Aim of the task:
Word for word, repeat the records, leaving every picture behind.

Data in this exercise:
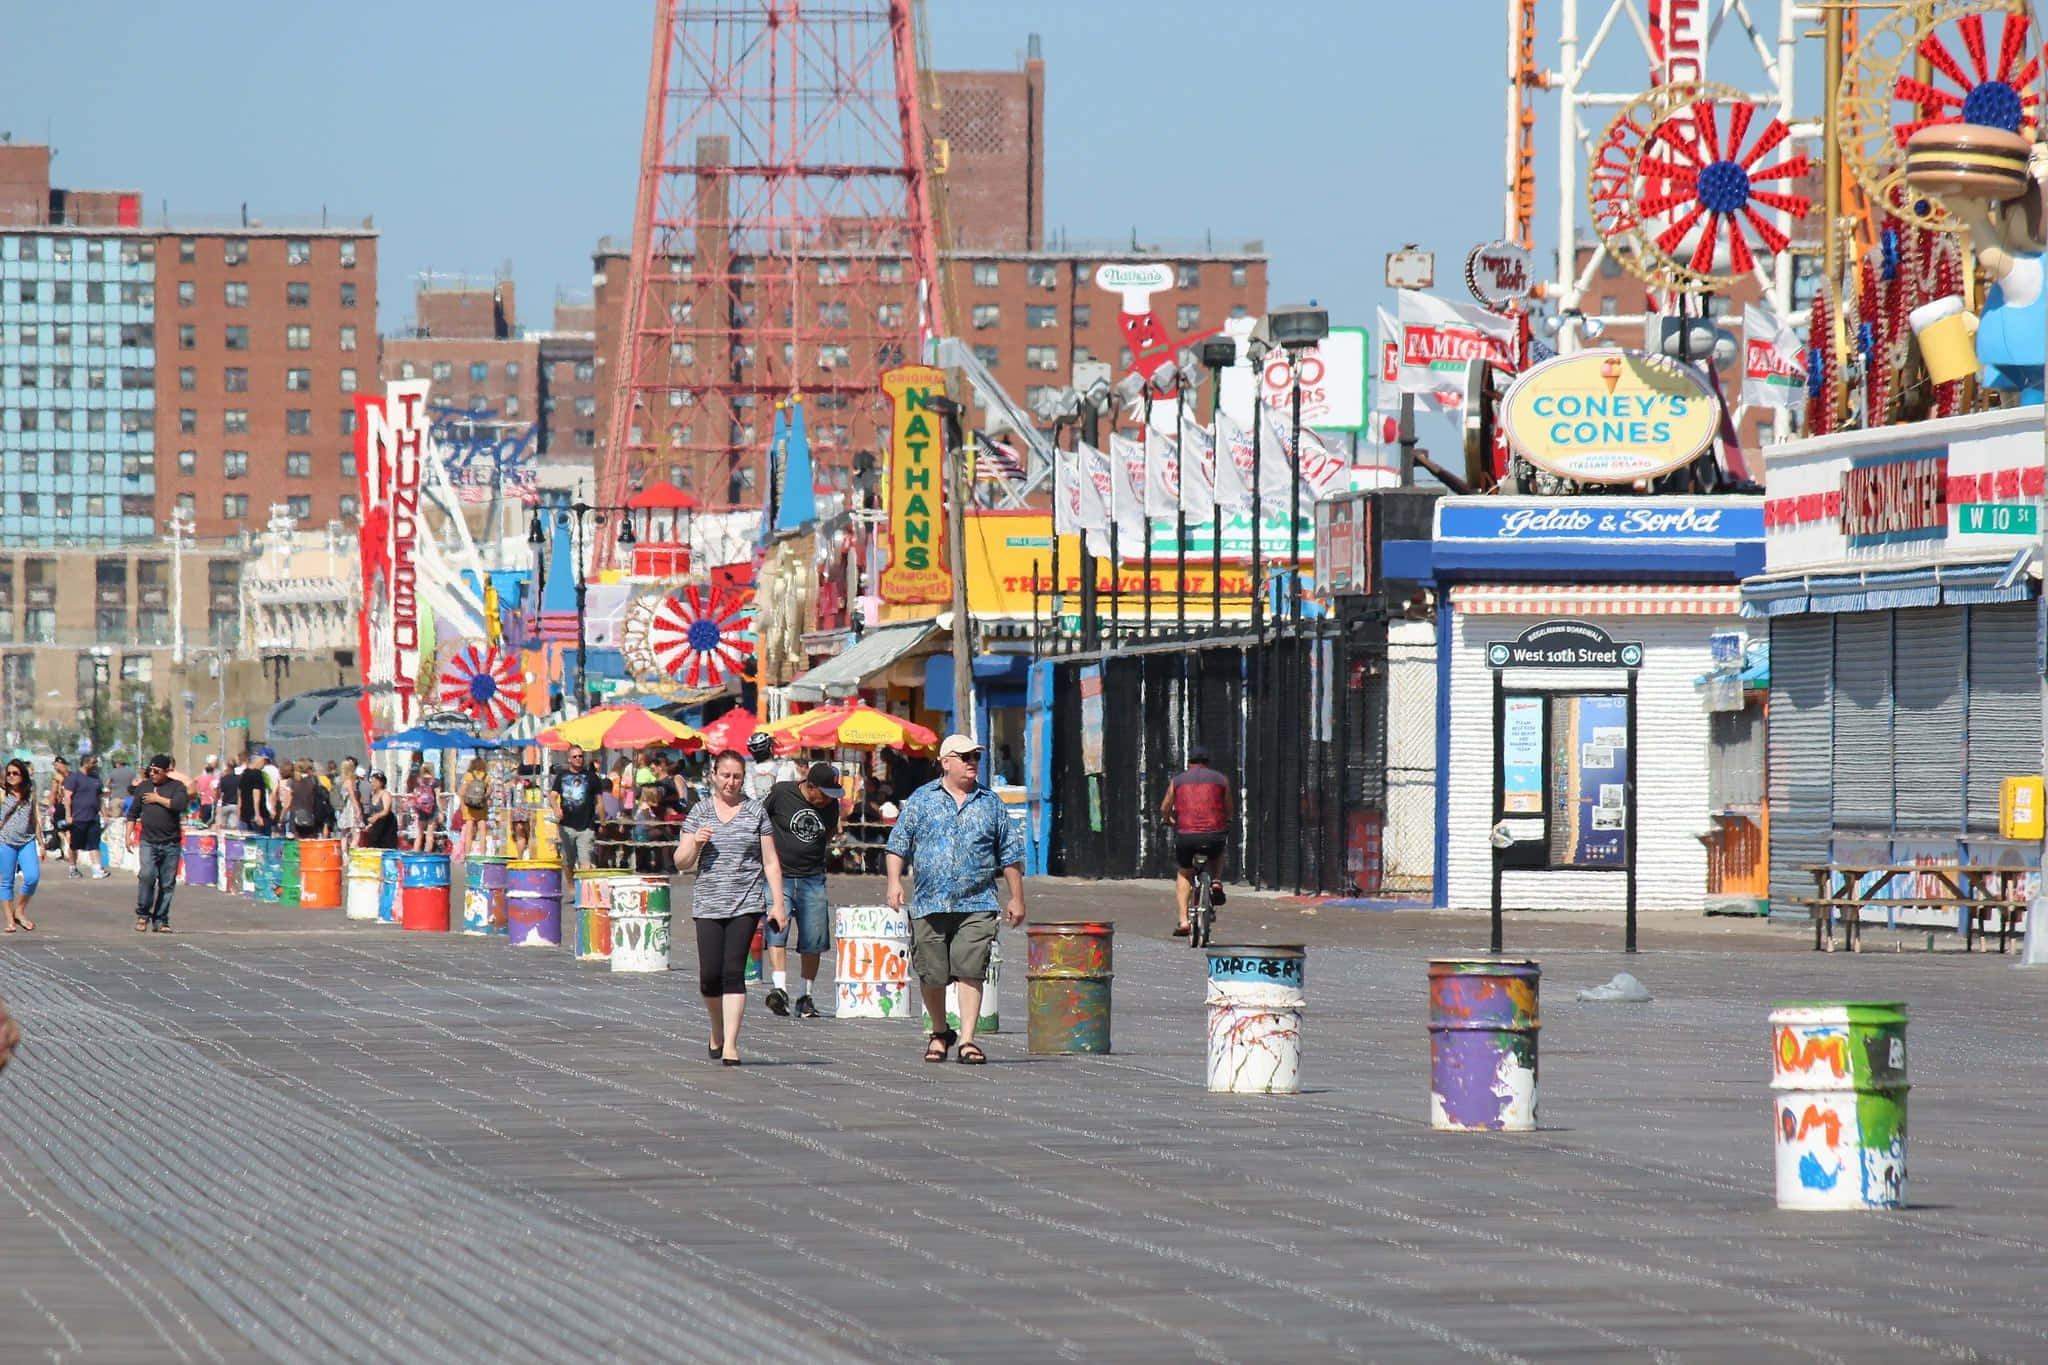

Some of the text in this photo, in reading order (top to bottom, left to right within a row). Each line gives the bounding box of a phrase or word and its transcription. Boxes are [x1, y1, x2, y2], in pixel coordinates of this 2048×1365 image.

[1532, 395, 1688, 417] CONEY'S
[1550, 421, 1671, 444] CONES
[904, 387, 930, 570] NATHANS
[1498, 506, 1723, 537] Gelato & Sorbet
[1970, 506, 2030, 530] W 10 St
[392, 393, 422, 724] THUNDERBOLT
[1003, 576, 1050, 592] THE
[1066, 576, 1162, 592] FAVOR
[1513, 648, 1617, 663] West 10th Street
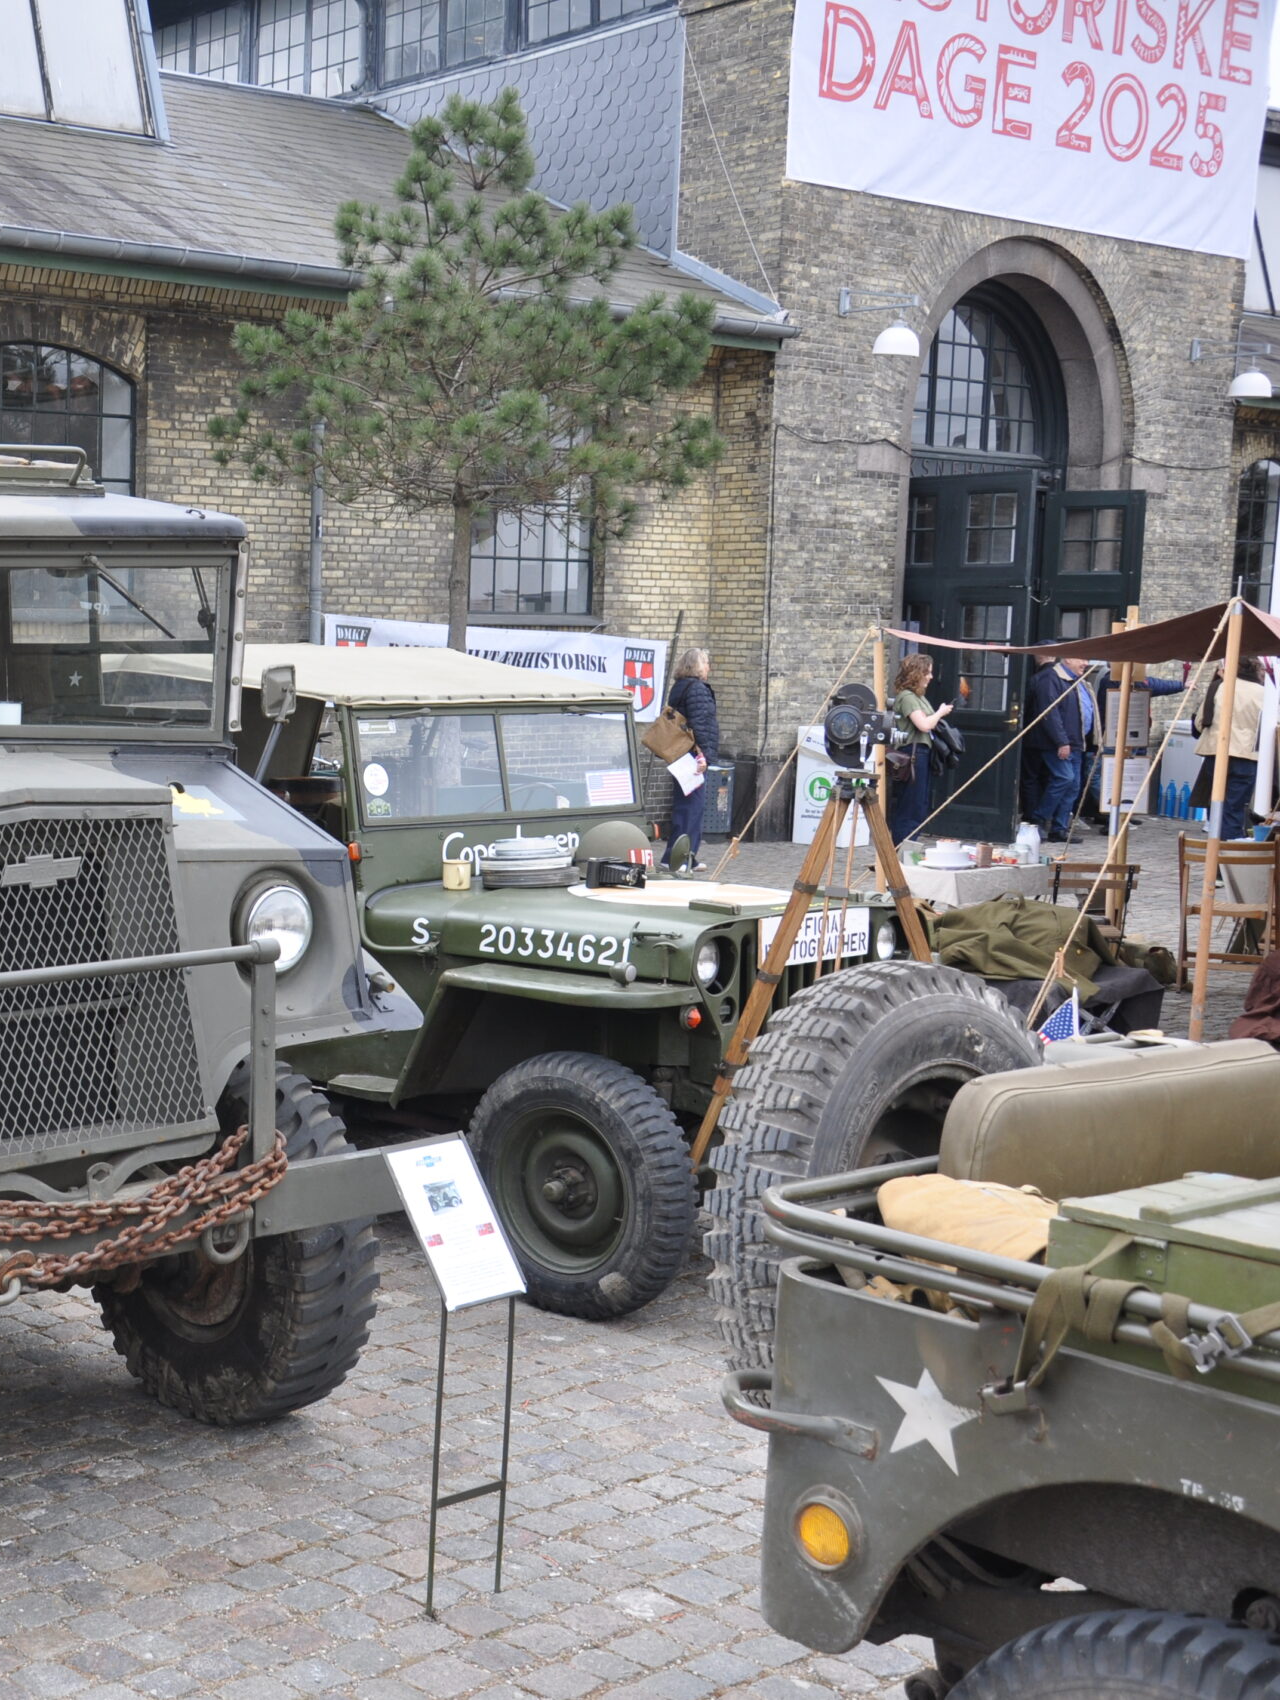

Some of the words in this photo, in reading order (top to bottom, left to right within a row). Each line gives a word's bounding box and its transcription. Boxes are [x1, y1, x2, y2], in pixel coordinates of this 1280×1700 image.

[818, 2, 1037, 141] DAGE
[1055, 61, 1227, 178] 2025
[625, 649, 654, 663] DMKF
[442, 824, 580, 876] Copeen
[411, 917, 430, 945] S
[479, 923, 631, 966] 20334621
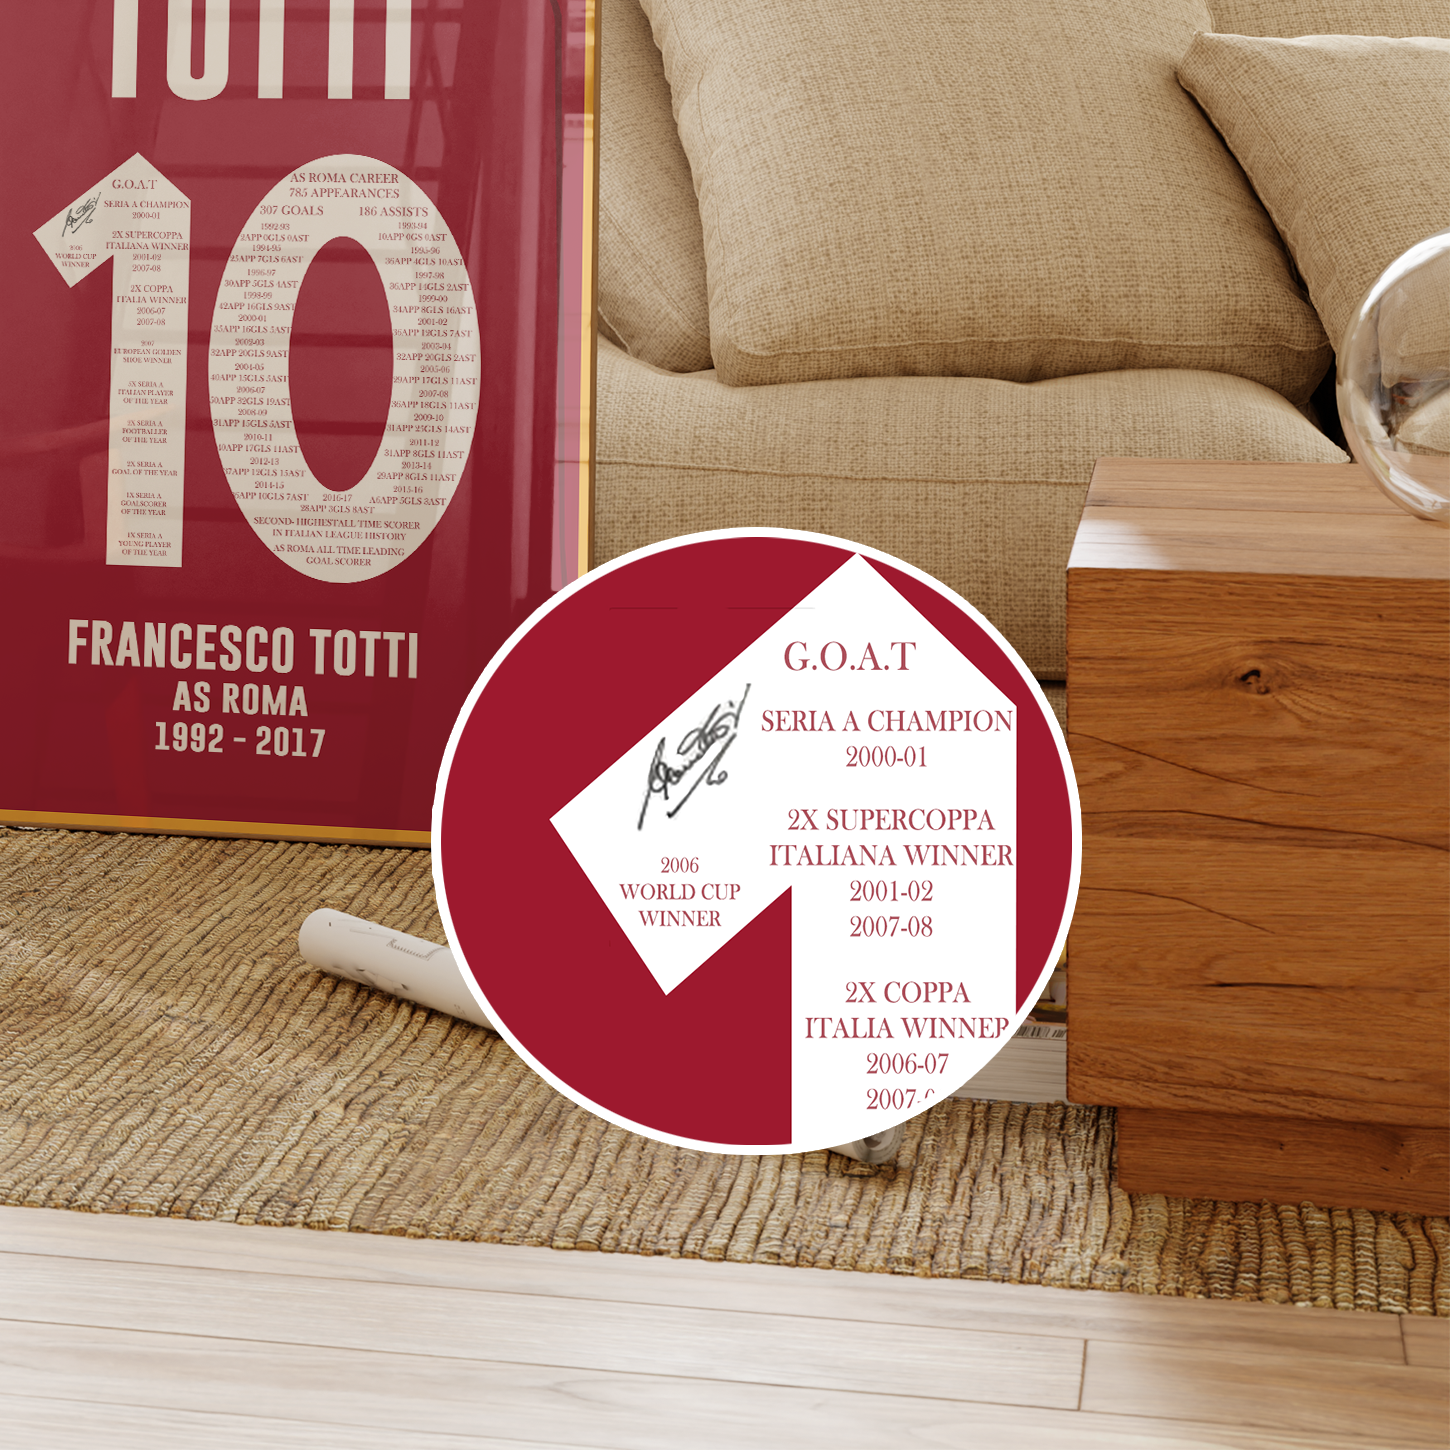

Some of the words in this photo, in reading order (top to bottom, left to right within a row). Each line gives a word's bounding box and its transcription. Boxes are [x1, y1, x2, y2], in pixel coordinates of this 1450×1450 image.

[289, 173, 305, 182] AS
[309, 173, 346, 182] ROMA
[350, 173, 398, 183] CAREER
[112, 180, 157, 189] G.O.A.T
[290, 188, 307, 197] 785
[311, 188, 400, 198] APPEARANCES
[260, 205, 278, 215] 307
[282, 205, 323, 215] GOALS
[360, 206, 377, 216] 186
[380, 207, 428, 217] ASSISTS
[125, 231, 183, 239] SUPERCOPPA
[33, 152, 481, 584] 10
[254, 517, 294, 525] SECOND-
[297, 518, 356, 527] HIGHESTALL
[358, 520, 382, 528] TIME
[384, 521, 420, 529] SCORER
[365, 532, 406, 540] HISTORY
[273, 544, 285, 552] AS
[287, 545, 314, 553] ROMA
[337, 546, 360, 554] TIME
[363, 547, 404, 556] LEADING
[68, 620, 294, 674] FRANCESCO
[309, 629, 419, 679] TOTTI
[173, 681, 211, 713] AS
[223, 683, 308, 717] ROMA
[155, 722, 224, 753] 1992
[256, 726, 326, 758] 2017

Exercise response:
Some of the text in this photo, in reading order (top to bottom, left to right within a row). Each line gives the bounding box of a phrase or word and its transcription. Boxes are [x1, y1, x2, y2], in pixel coordinates of this 2048×1365 image.

[1532, 395, 1688, 417] CONEY'S
[1550, 421, 1671, 444] CONES
[904, 387, 930, 570] NATHANS
[1498, 506, 1723, 537] Gelato & Sorbet
[1970, 506, 2030, 530] W 10 St
[392, 393, 422, 724] THUNDERBOLT
[1003, 576, 1050, 592] THE
[1066, 576, 1162, 592] FAVOR
[1513, 648, 1617, 663] West 10th Street

Some of the words in this photo, in reading order (top to bottom, left to right within a row). Each line gives a word's bounding box and its transcription. Boxes are [x1, y1, x2, y2], in pixel coordinates of this 1280×1700 image.

[818, 2, 1037, 141] DAGE
[1055, 61, 1227, 178] 2025
[625, 649, 654, 663] DMKF
[442, 824, 580, 876] Copeen
[411, 917, 430, 945] S
[479, 923, 631, 966] 20334621

Some of the words in this photo, in reading order (top to bottom, left to right within a row). Each line gives a word's bounding box and its transcription. Boxes are [x1, y1, x2, y2], in pixel coordinates of this 1450×1450 image.

[289, 173, 305, 182] AS
[309, 173, 346, 182] ROMA
[350, 173, 398, 183] CAREER
[112, 180, 157, 189] G.O.A.T
[290, 188, 307, 197] 785
[311, 188, 400, 198] APPEARANCES
[260, 205, 278, 215] 307
[282, 205, 323, 215] GOALS
[360, 206, 377, 216] 186
[380, 207, 428, 217] ASSISTS
[125, 231, 183, 239] SUPERCOPPA
[33, 152, 481, 584] 10
[254, 517, 294, 525] SECOND-
[297, 518, 356, 527] HIGHESTALL
[358, 520, 382, 528] TIME
[384, 521, 420, 529] SCORER
[365, 532, 406, 540] HISTORY
[273, 544, 285, 552] AS
[287, 545, 314, 553] ROMA
[337, 546, 360, 554] TIME
[363, 547, 404, 556] LEADING
[68, 620, 294, 674] FRANCESCO
[309, 629, 419, 679] TOTTI
[173, 681, 211, 713] AS
[223, 683, 308, 717] ROMA
[155, 722, 224, 753] 1992
[256, 726, 326, 758] 2017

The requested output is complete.